The trend started in Amsterdam, where director Theodor Holman's Breivik ontmoet Wilders (Breivik meets Wilders), a two-hour dialogue between Dutch far-right leader Geert Wilders and the Norweign terrorist Anders Behring Breivik, has been running since 23 March. Copenhagen's CaféTeatret is due to stage Christian Lollike’s monologue by the attacker from October 2012. The play based on 2083 – A European Declaration of Independence will also be staged in Norway, where the Utoya island tragedy happened in 2011, killing 77 people. Interview with the former in-house playwright and director of Aarhus theatre.
cafebabel.com: Christian, how does Breivik's manifesto fit the line of your past work as a playwright?
Christian Lollike: I’m always interested in investigating deviating behaviour, alternate states of mind or landmark events that clearly have an impact on society and which are difficult to understand. I was accused of defending terrorism because in 2006 I wrote a play on 9/11 (The Wonder) in which a terrorist explained his motives. In another piece I said that every man was a potential rapist. The right-wing claimed that if this was the attitude behind a play, then financial support should be taken away. When I heard that a young Norwegian man had murdered a large group of young politically engaged people, I was immediately interested in getting to understand how something like this could happen and started reading the manifesto.
cafebabel.com: What impact did the read have on you?

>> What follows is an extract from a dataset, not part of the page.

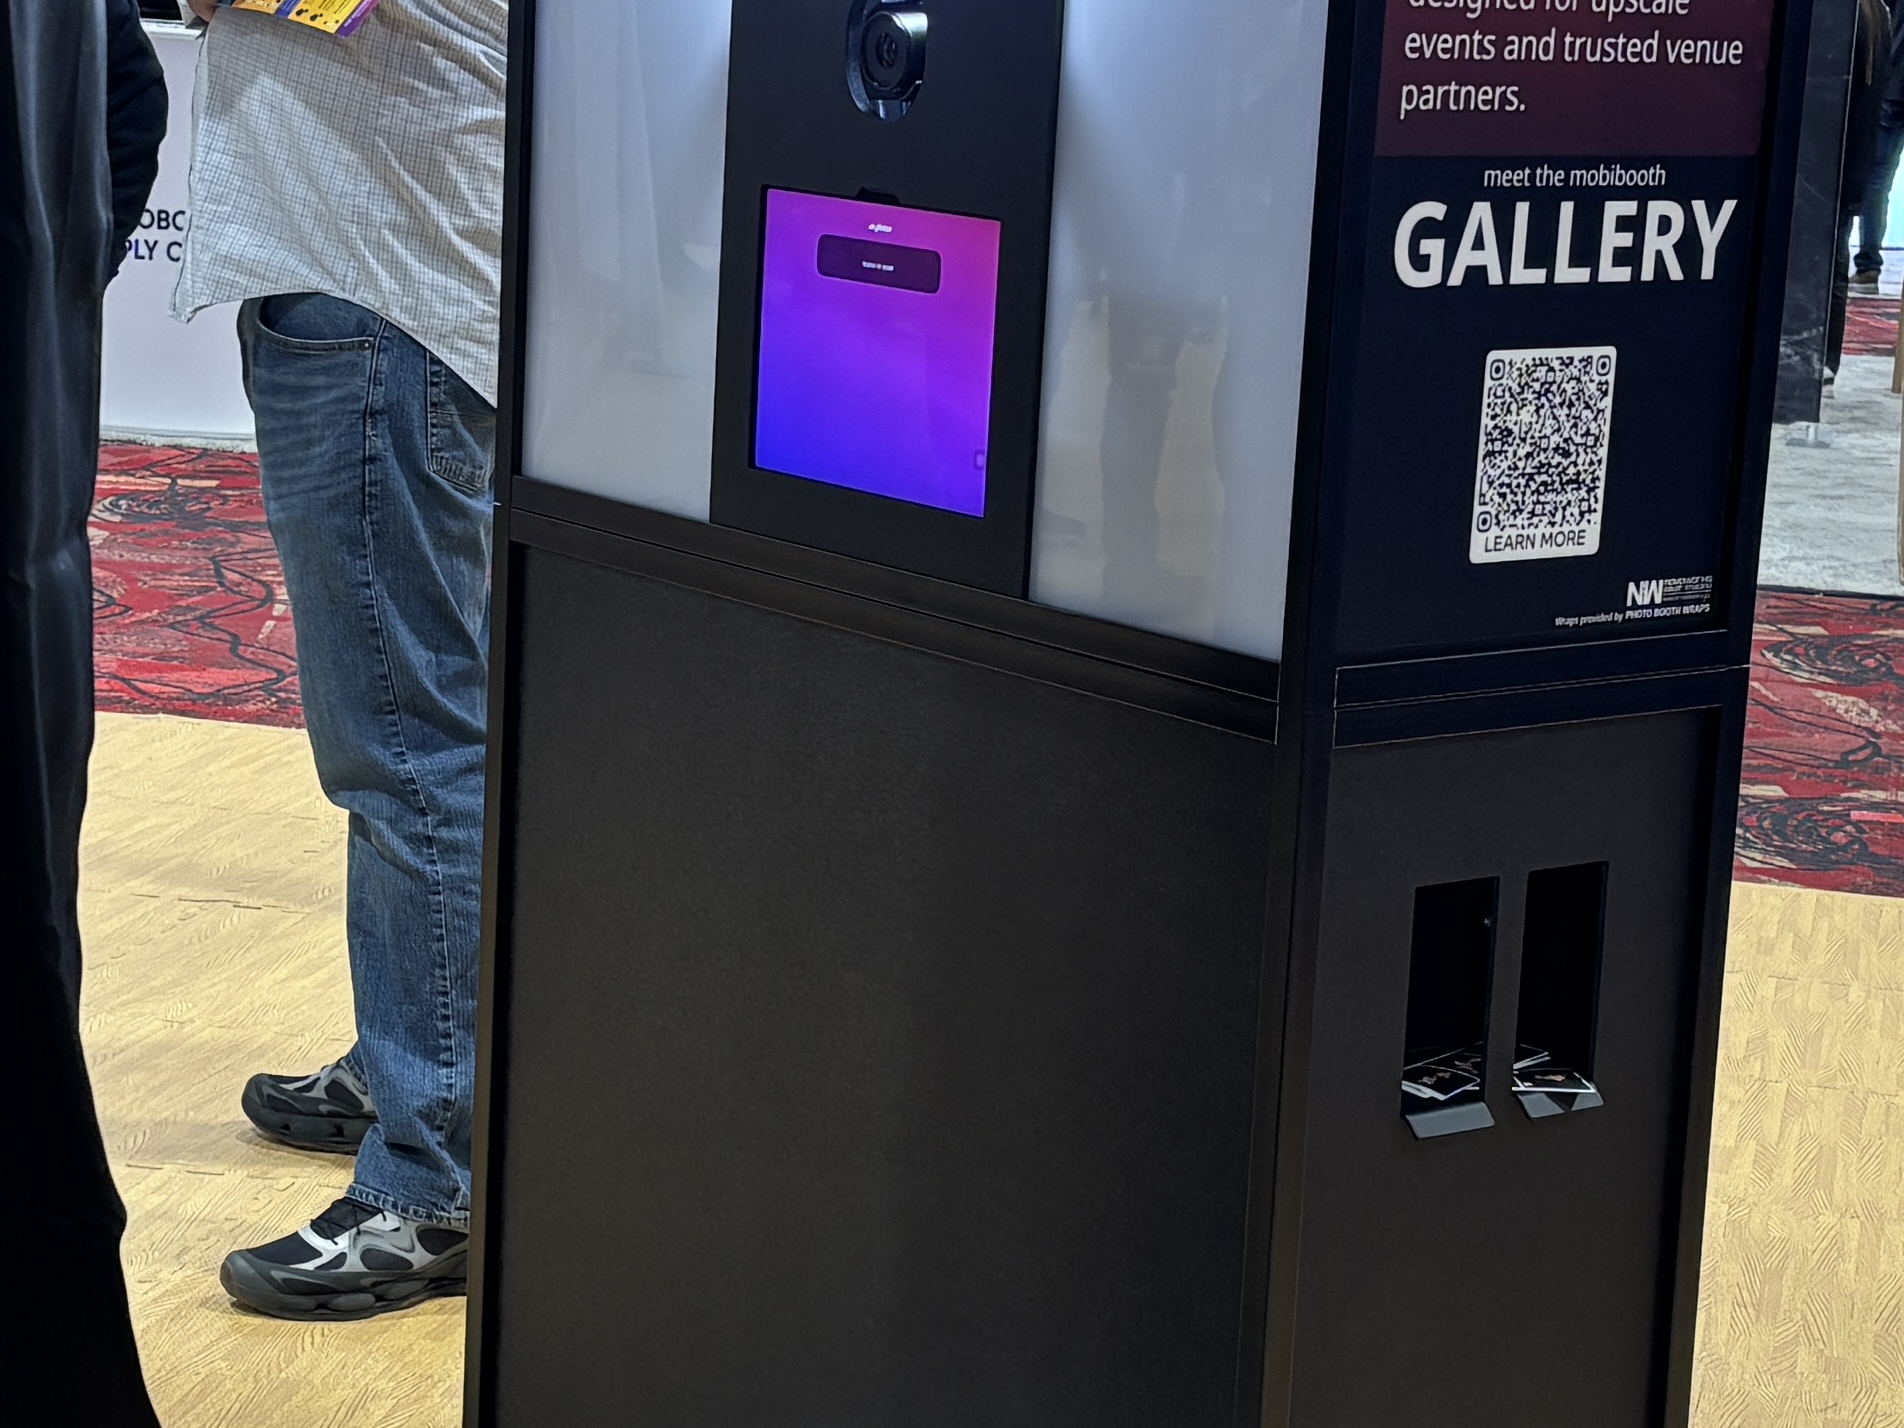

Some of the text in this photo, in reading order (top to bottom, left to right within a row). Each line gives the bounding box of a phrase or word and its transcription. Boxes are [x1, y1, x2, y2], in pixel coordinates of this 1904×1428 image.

Christian Lollike: It took me quite a long time to read it. The first half is all about islam and the people or ‘liars’ - people Breivik calls 'multiculturalists' - who believe in it. I’m not an expert, but the rhetoric he is applying is powerful. It could seem convincing to some people. I was very sad and almost had a headache from all these provoked evil thoughts about muslim people. It’s horrible to read.
In some parts Breivik actually seems rational, but it rapidly becomes very clear to the reader that Breivik is obsessed with conspiracy theories. When you get to the parts of the templar knights that’s where you really start to think: Fuck, what’s going on here? You can be disgusted by your own fascination. He’s like a child-like man on a mission to liberate Europe from foreign thoughts and multiculturalists. But his actions go far beyond the imagination of a child.
cafebabel.com: Why do you want to use the form of a monologue in your play? Doesn’t that serve as a mouthpiece for Breivik’s ideas?
Christian Lollike: When he speaks for himself, the things he says become quite grotesque. In that way, I’m not afraid of staging a play based on his manifesto. At the same time I think I’ll change the form in order to give it a contextualisation. I will of course challenge his words and views onstage so that his actions do not remain uncontradicted.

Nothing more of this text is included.